Image-backed grounding data
——
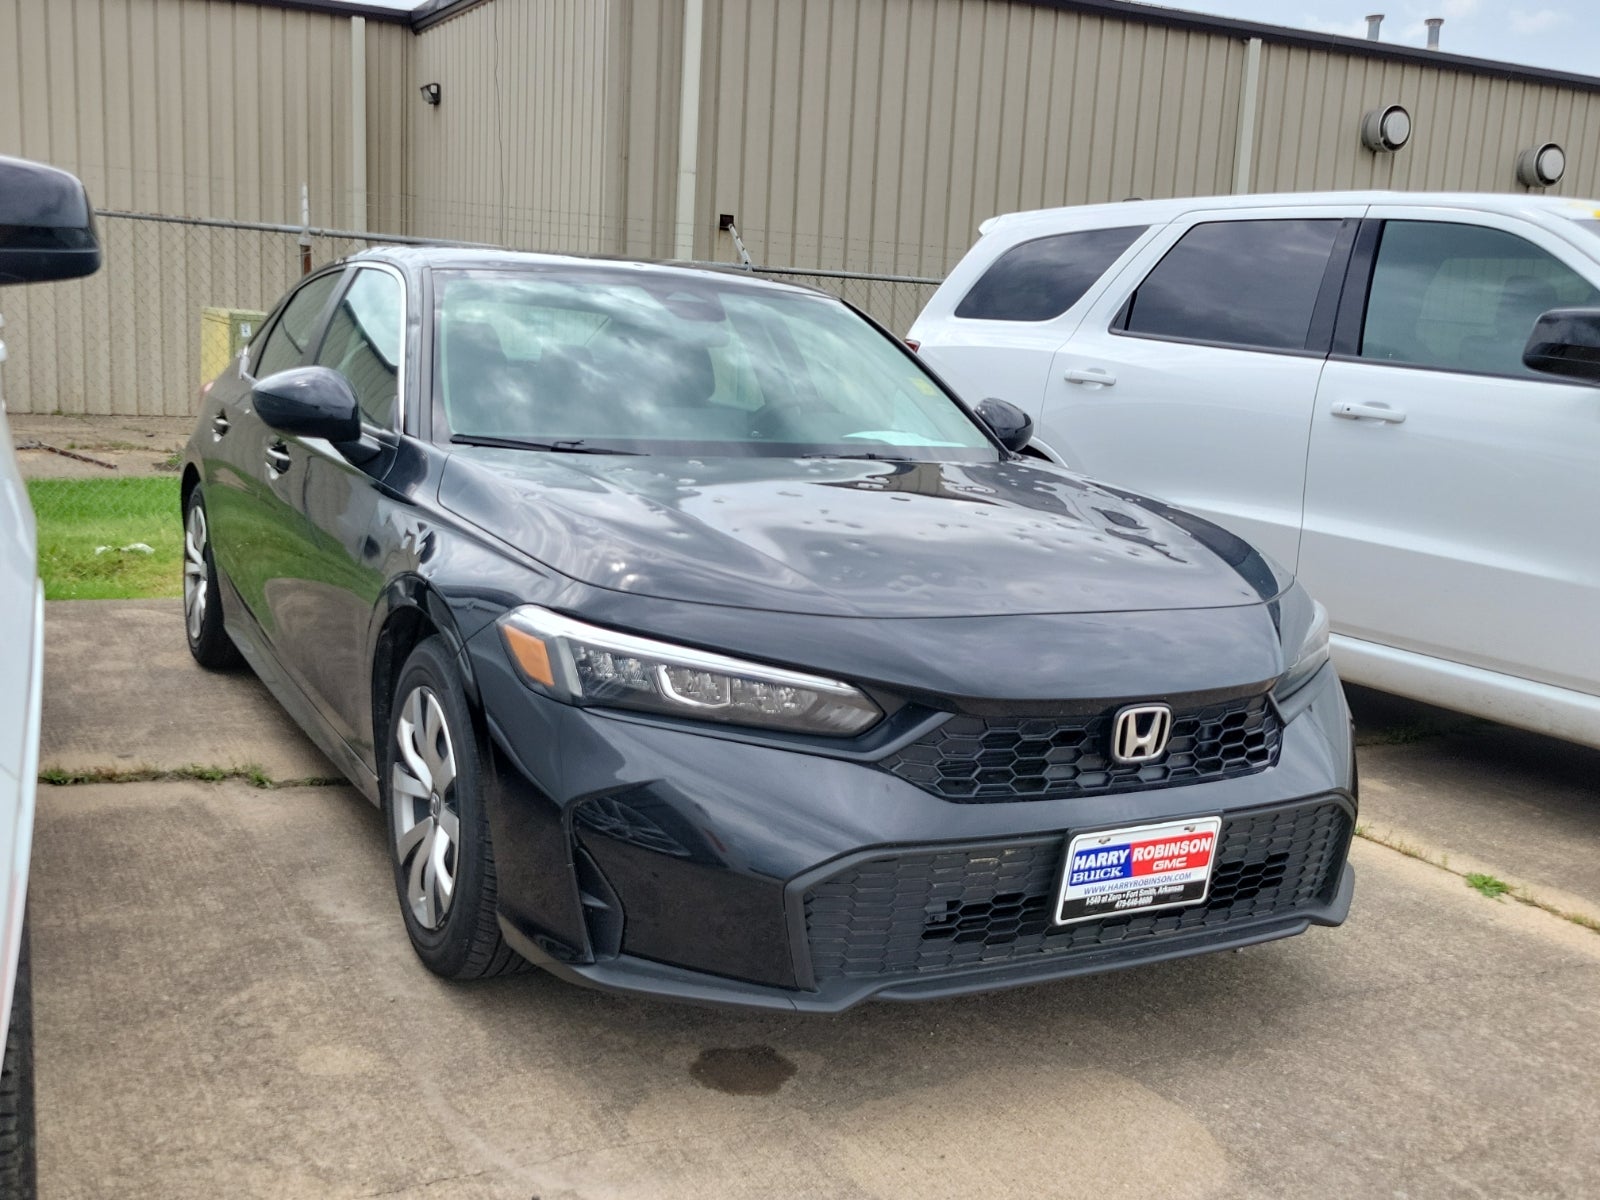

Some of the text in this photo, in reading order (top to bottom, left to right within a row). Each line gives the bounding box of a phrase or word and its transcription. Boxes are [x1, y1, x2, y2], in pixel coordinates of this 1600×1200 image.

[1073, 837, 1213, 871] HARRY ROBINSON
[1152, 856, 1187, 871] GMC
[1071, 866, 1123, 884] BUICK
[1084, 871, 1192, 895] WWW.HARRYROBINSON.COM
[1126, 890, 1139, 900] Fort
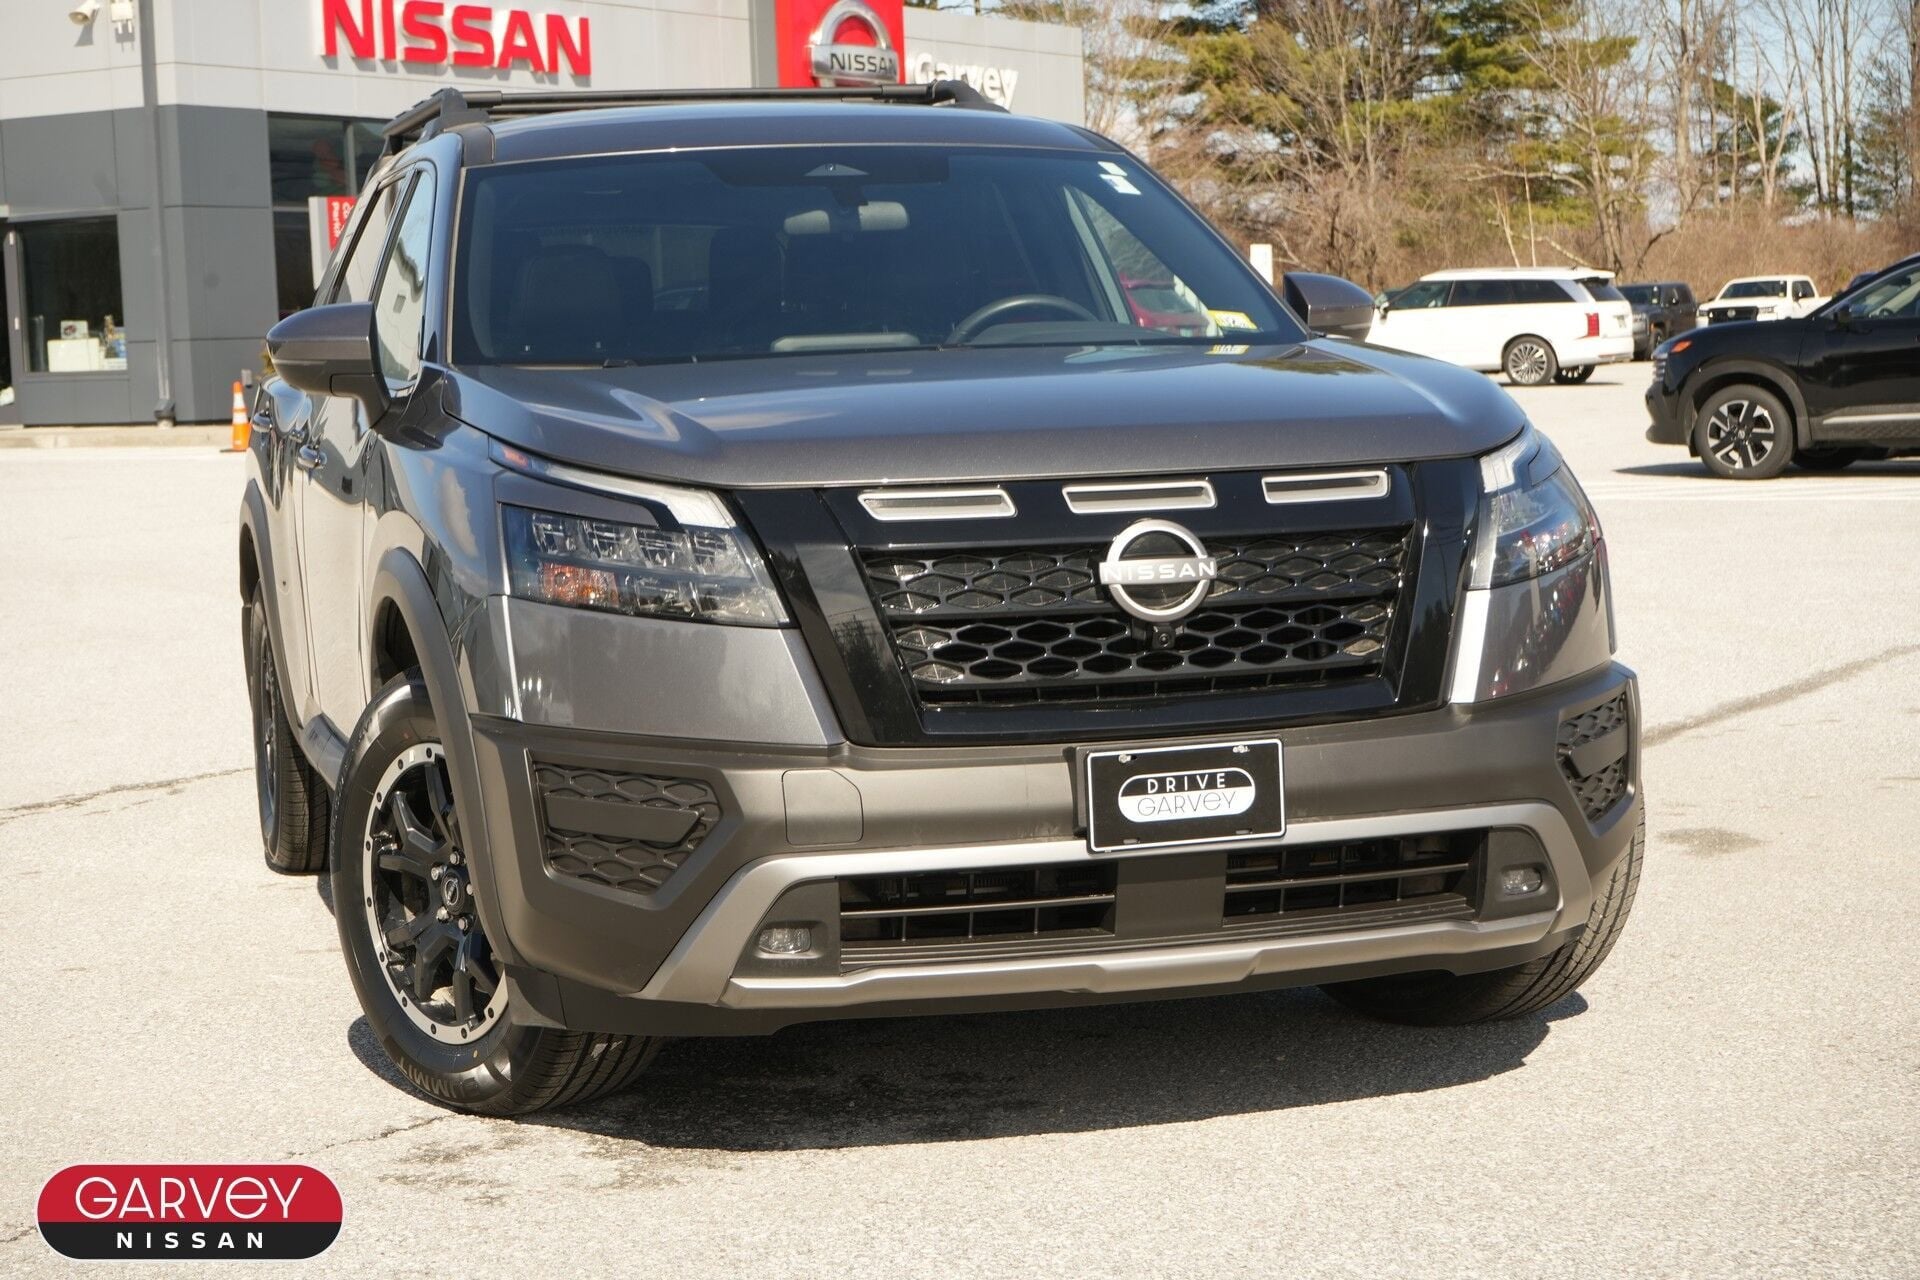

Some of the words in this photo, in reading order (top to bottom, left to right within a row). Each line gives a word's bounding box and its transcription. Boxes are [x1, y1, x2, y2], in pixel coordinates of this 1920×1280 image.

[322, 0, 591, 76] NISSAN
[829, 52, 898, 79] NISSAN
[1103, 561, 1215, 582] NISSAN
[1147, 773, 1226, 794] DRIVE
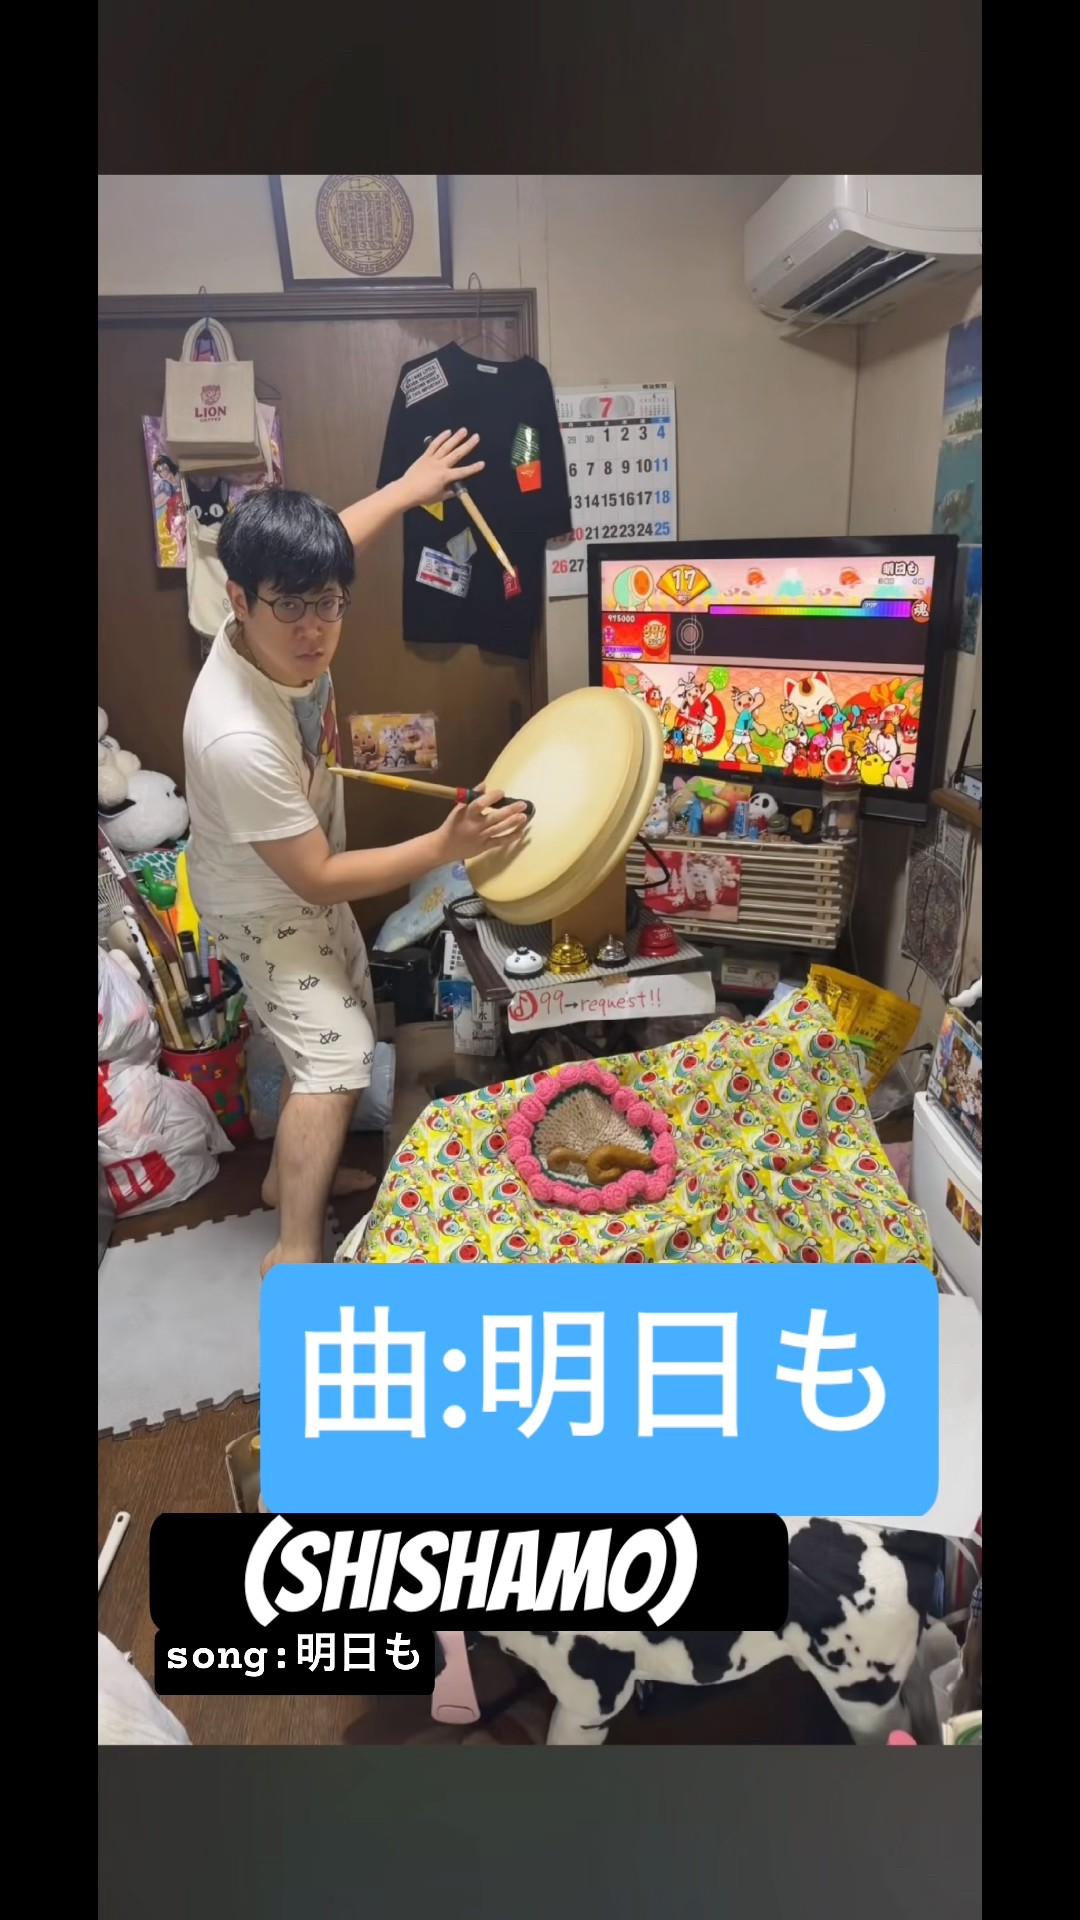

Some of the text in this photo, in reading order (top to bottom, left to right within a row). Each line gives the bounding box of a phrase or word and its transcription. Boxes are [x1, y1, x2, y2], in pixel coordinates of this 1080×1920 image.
——
## WHAT YOU ARE ASKED TO DO
From first line to last, return the records verbatim without their pictures.

## SOLUTION TO THIS TASK
Some of the text in this photo, in reading order (top to bottom, left to right within a row). Each line gives the bounding box of a phrase or word and its transcription. Boxes are [x1, y1, x2, y2], in pixel coordinates of this 1600×1200 image.

[1073, 837, 1213, 871] HARRY ROBINSON
[1152, 856, 1187, 871] GMC
[1071, 866, 1123, 884] BUICK
[1084, 871, 1192, 895] WWW.HARRYROBINSON.COM
[1126, 890, 1139, 900] Fort

Some of the words in this photo, in reading order (top to bottom, left to right within a row). Each line gives a word's bounding box and its transcription. Boxes are [x1, y1, x2, y2], in pixel coordinates of this 1920×1280 image.

[322, 0, 591, 76] NISSAN
[829, 52, 898, 79] NISSAN
[1103, 561, 1215, 582] NISSAN
[1147, 773, 1226, 794] DRIVE

Some of the text in this photo, in reading order (top to bottom, left to right within a row). Each line gives the bounding box of a phrase or word and its transcription. Boxes are [x1, y1, x2, y2], in pixel coordinates of this 1080×1920 image.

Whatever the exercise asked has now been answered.